Developer documentations often mean lengthy pages filled with a lot of content. Most people try to index the complete page as one entry in their search engine. But, they discover later on that there were a lot of edge cases and they try to fix them through relevance tuning but it quickly becomes an endless story as the issue comes from the actual indexing itself:

1. 1. Relevant content only

For example the query "composer upgrade" will match the QuickStart page because the menu contains "Upgrade Guide" and the first paragraph contains the "composer" word. This is not the kind of match that provides a good user experience.

2. Pages contain too long pieces of text

Developers don’t like to change web pages too often and they like to have long pages containing a lot of information. If such a page is indexed as one document, it will almost systematically trigger relevance issues. This is why we do not recommend to use a standard web crawler, but rather a scrapper to have access to the original content (most of the time available in Markdown).

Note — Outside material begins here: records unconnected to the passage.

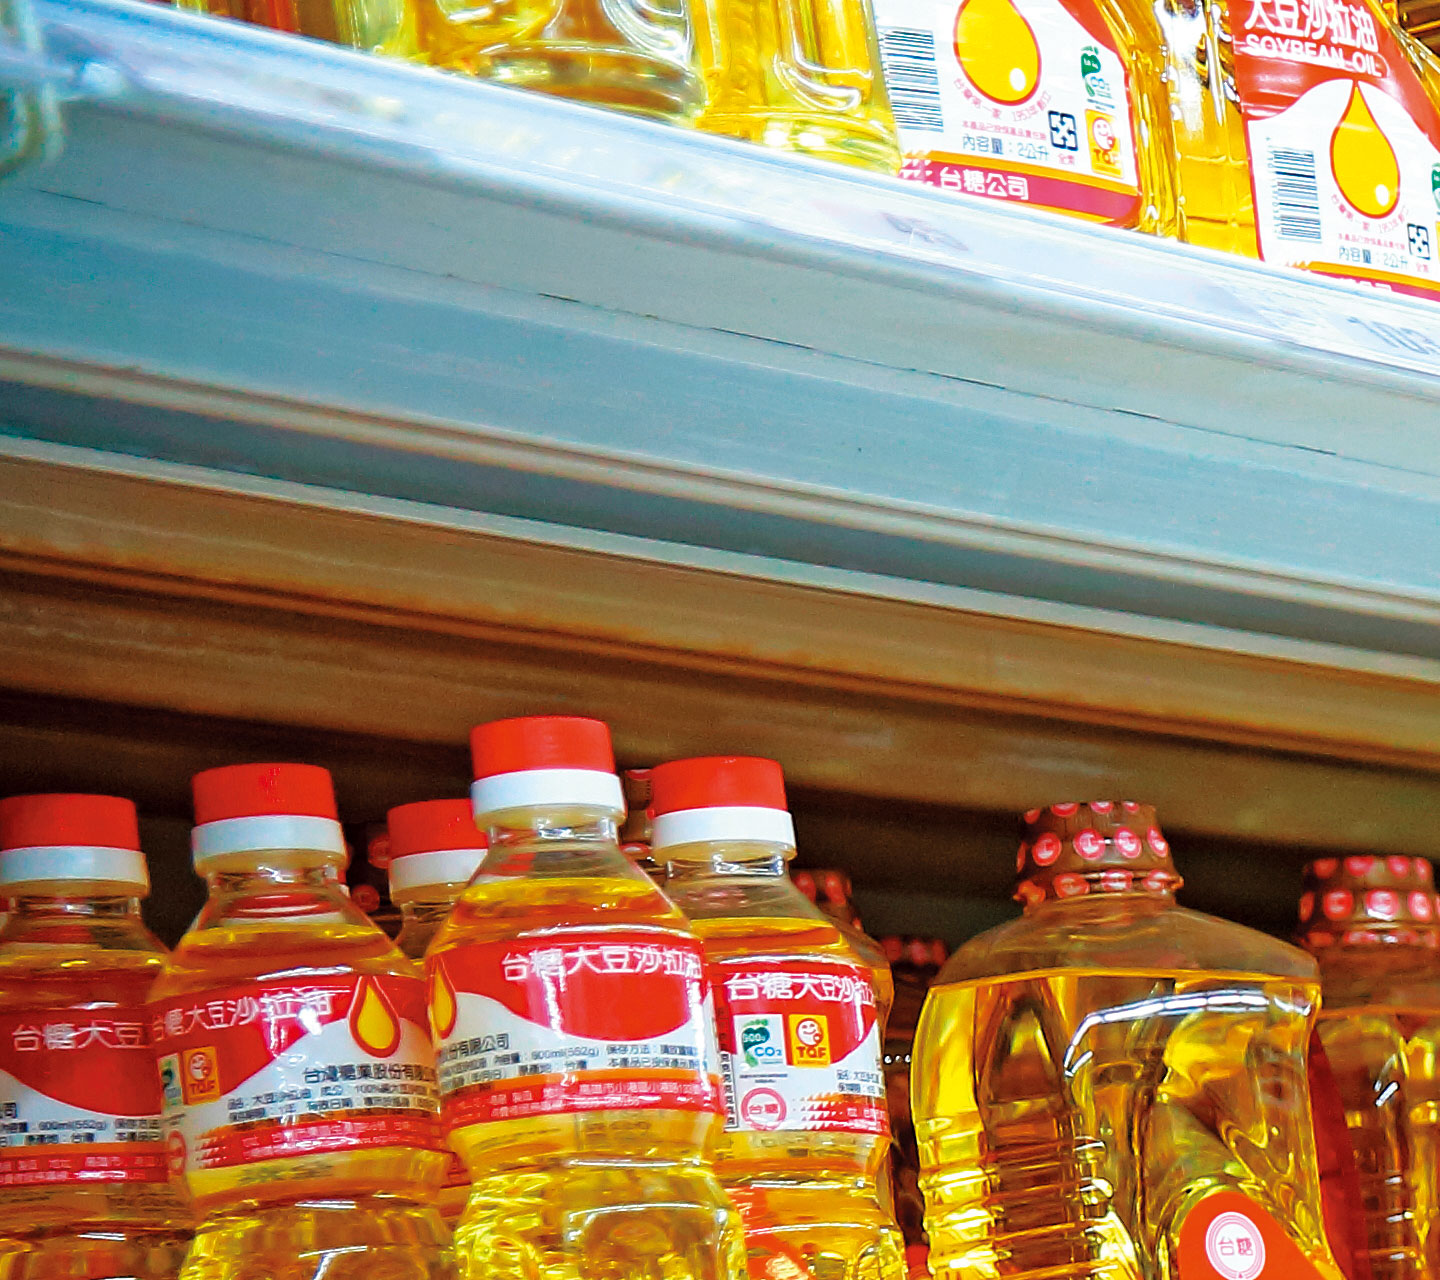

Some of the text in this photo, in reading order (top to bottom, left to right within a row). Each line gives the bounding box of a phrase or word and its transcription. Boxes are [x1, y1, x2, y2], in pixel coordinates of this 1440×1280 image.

[1244, 0, 1379, 52] 大豆沙拉油
[940, 168, 1029, 200] 台糖公司
[796, 1046, 827, 1058] TQF
[189, 1081, 216, 1094] TQF
[749, 1104, 778, 1115] 台糖
[1218, 1236, 1253, 1257] 台糖
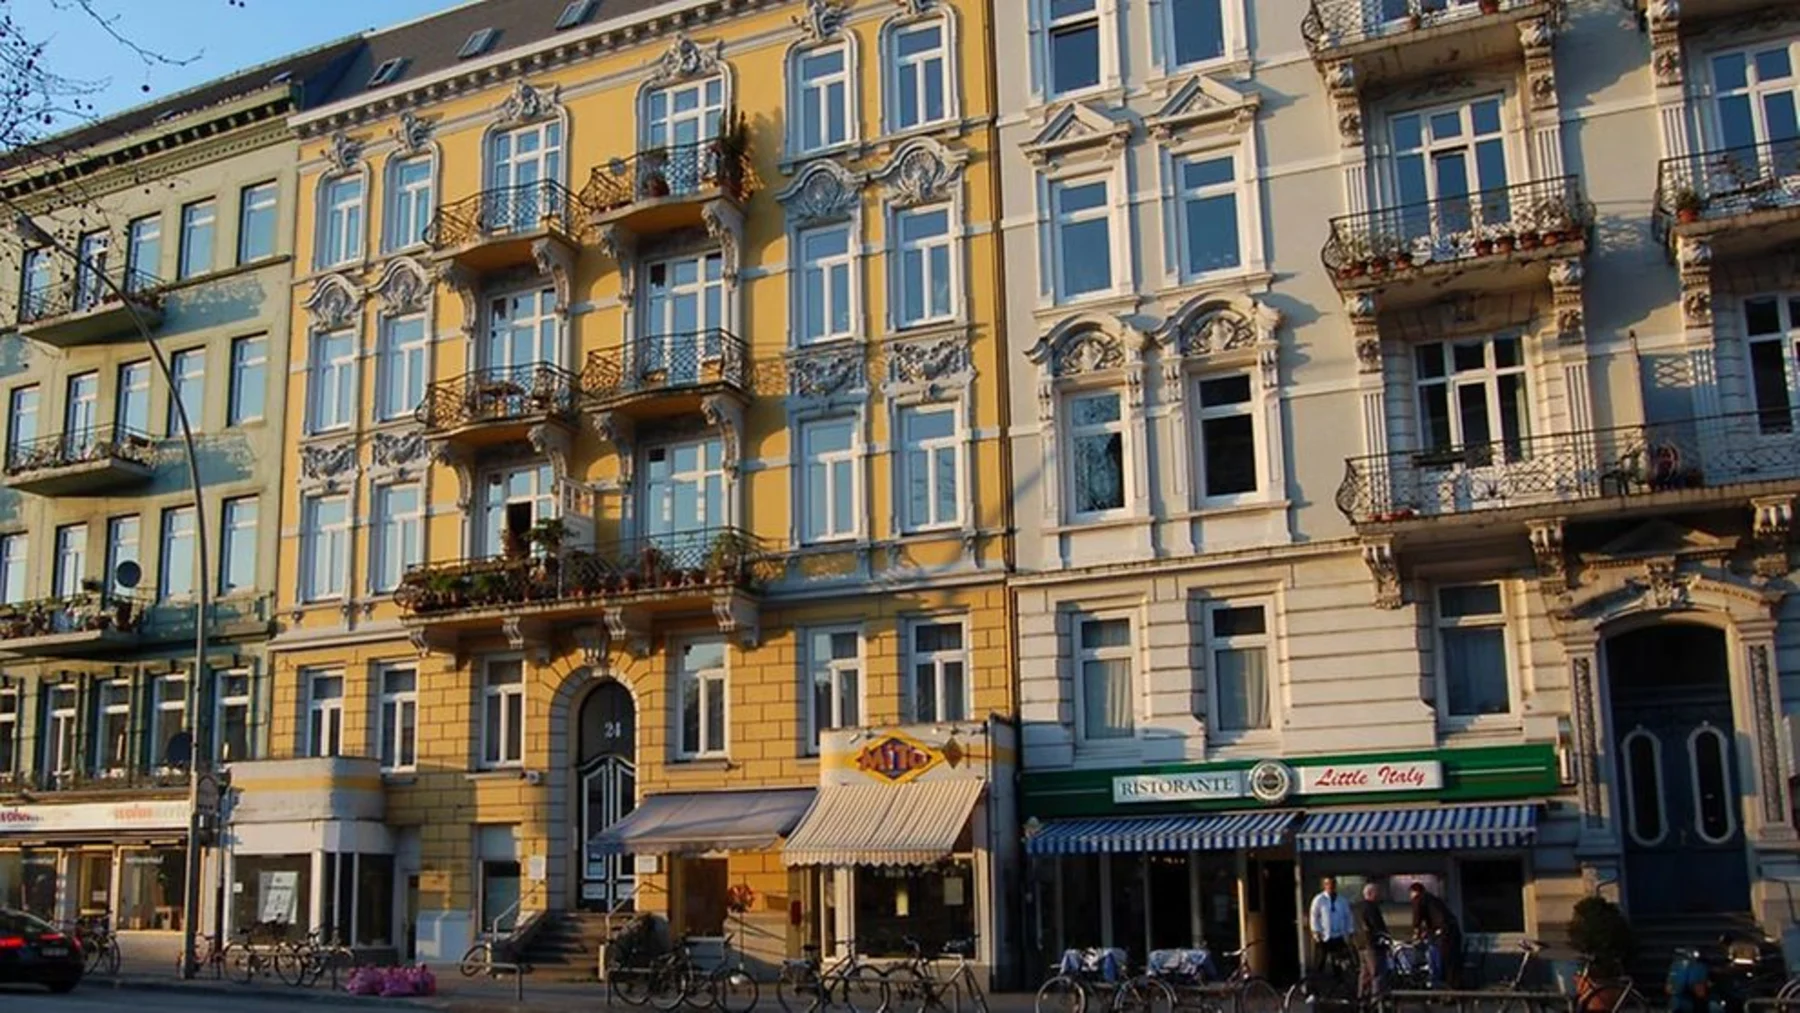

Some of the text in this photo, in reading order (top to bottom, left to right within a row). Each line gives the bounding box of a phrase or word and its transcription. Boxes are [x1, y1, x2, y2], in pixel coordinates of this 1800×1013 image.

[1315, 765, 1425, 786] Little Italy
[1121, 777, 1234, 796] RISTORANTE
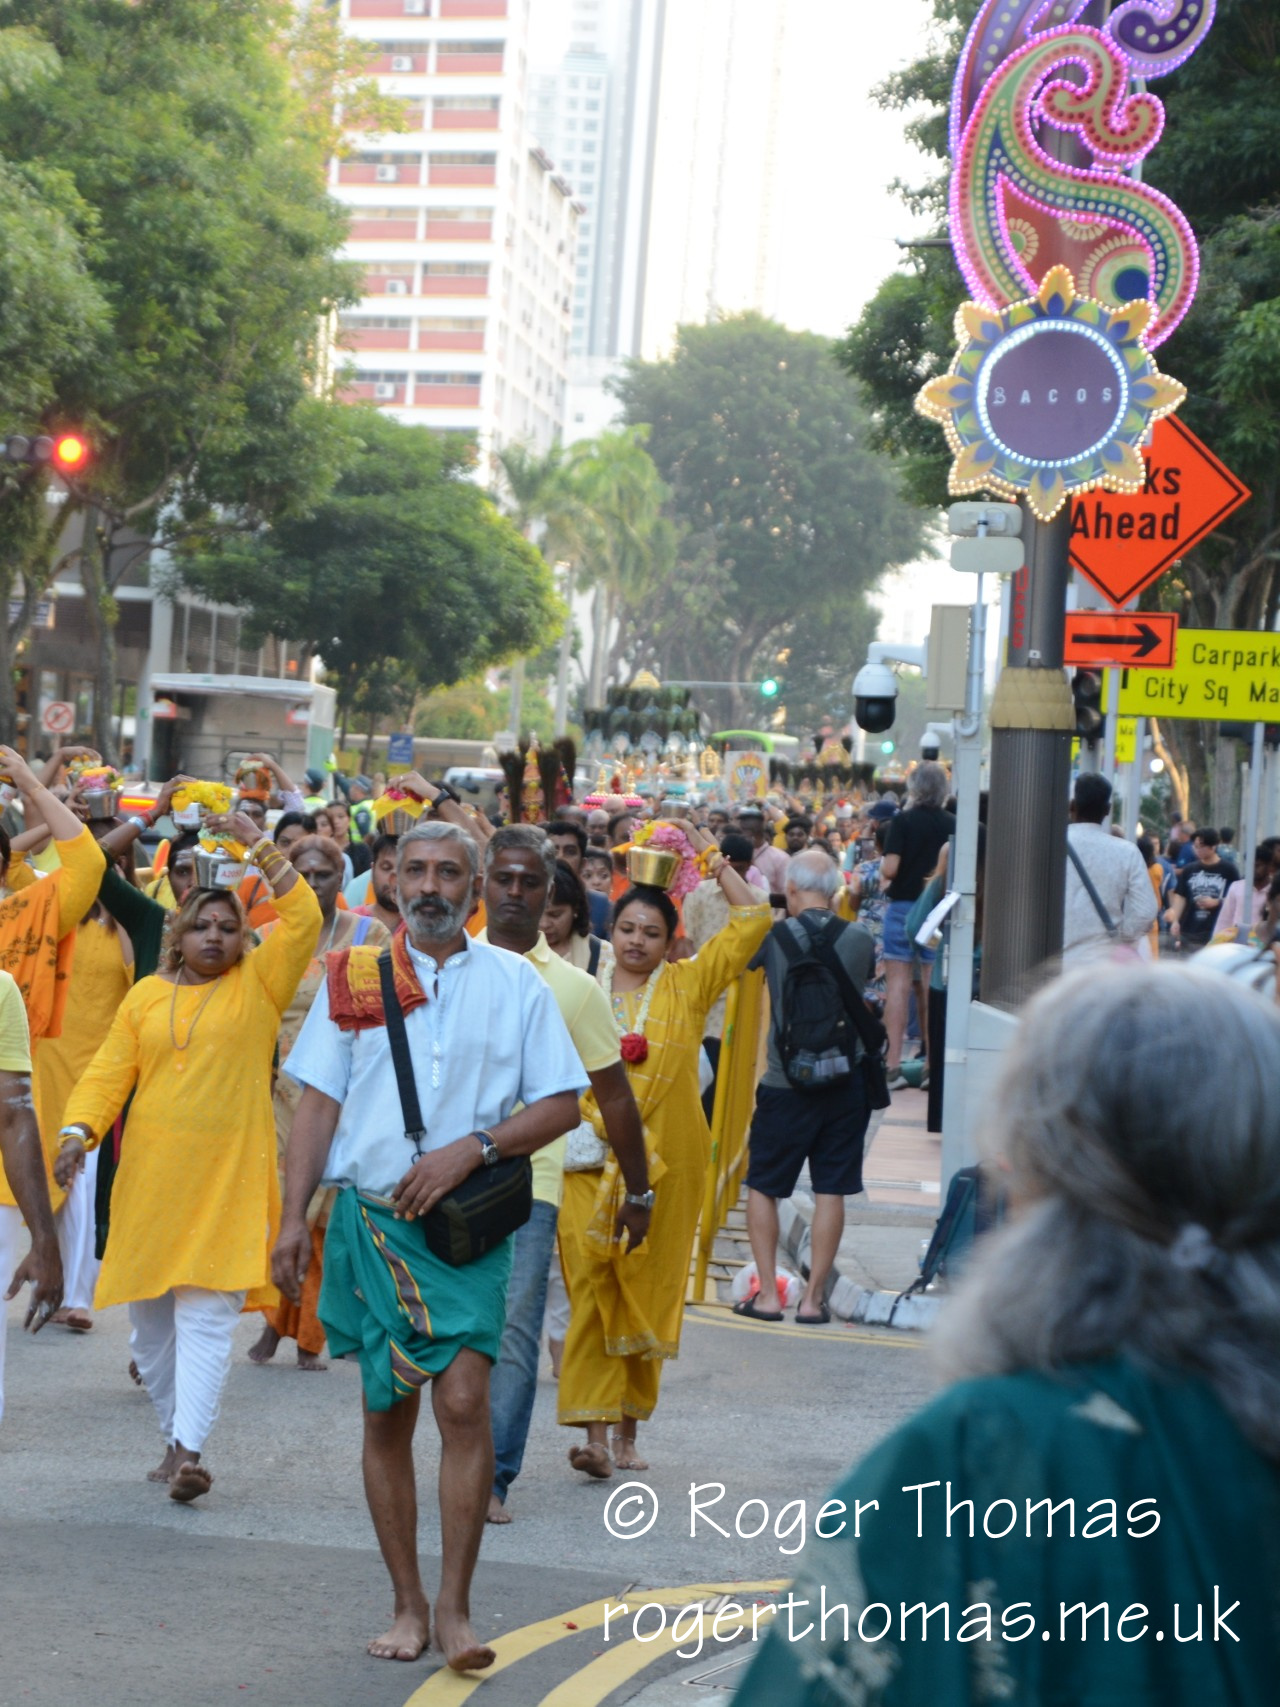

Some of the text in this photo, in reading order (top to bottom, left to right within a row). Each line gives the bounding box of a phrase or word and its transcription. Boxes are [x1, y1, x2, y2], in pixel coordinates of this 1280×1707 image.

[1070, 501, 1181, 540] Ahead
[1192, 643, 1280, 671] Carpark
[1145, 677, 1188, 705] City
[1204, 679, 1228, 707] Sq
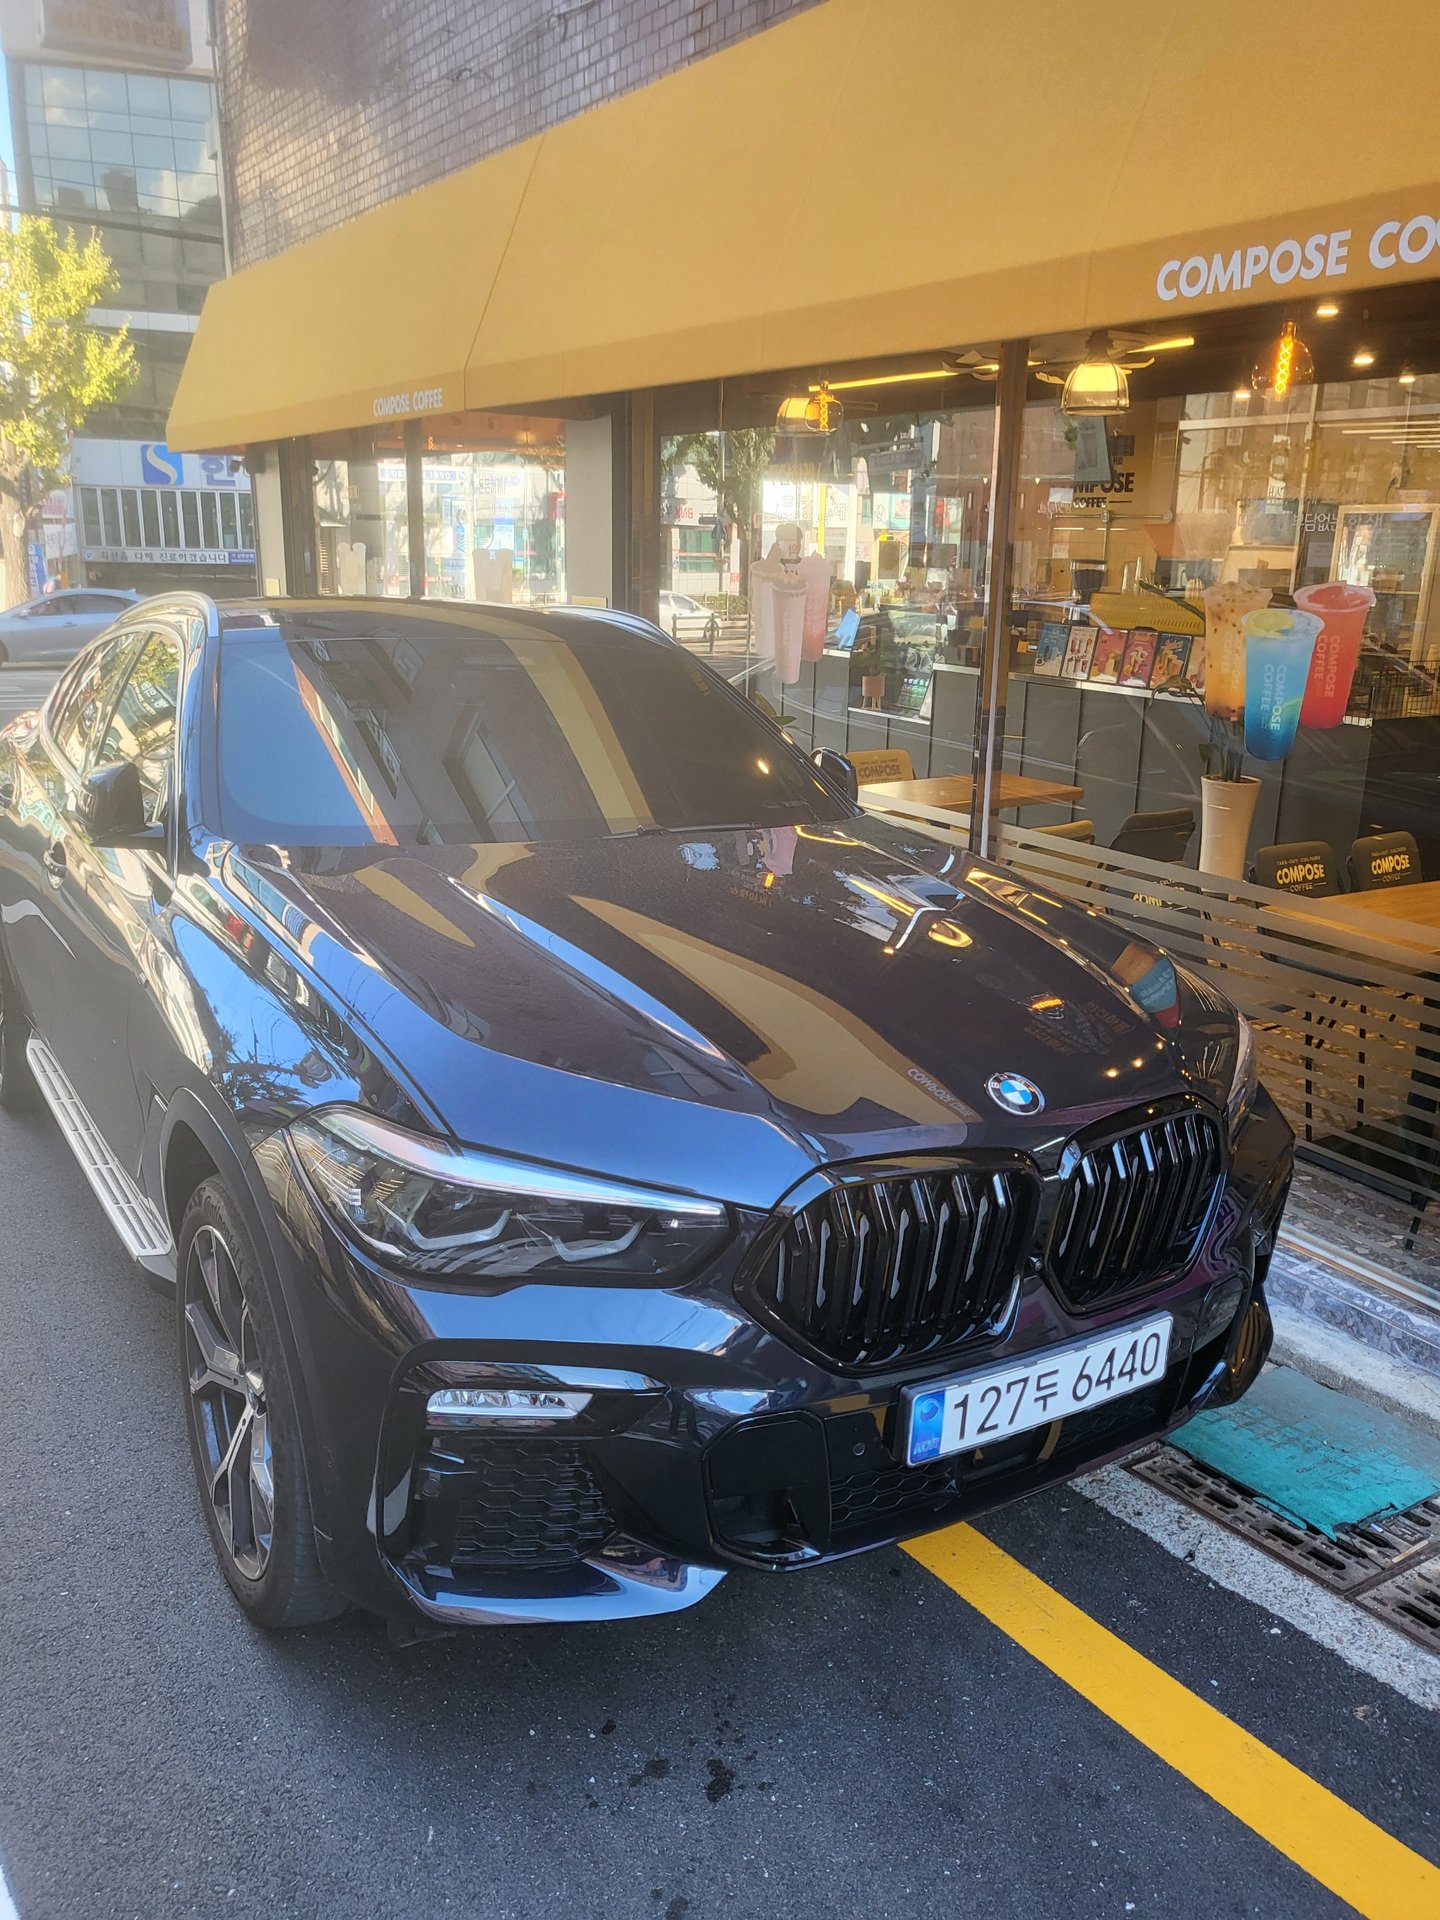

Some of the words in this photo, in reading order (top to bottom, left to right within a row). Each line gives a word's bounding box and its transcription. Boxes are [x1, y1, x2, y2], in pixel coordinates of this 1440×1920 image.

[1156, 229, 1352, 302] COMPOSE
[1368, 215, 1440, 270] CO
[373, 393, 410, 417] COMPOSE
[413, 388, 443, 411] COFFEE
[1314, 634, 1327, 680] COFFEE
[1325, 634, 1340, 698] COMPOSE
[1260, 663, 1274, 711] COFFEE
[1270, 664, 1287, 731] COMPOSE
[859, 764, 902, 778] COMPOSE
[1276, 863, 1325, 885] COMPOSE
[1290, 882, 1313, 892] COFFEE
[1371, 854, 1410, 875] COMPOSE
[953, 1368, 1060, 1441] 127두
[1071, 1332, 1162, 1403] 6440

For example, querying "cache incrementing value" will match the Query Builder page because it contains a paragraph with the word "cache" and another paragraph with the words "incrementing" and "value". This is a false positive because it is not relevant: the more text you have on a page, the more irrelevant results you will get.

3. The right anchored section

In order to deliver the best user experience, it is key to open the page  at the exact position of the match. This is made very difficult if you only index one document per page. That’s why there are so many documentation searches that just open the page at the top and the user needs to scroll or use the search of his browser to jump to the right section. This not always easy and is a waste of time.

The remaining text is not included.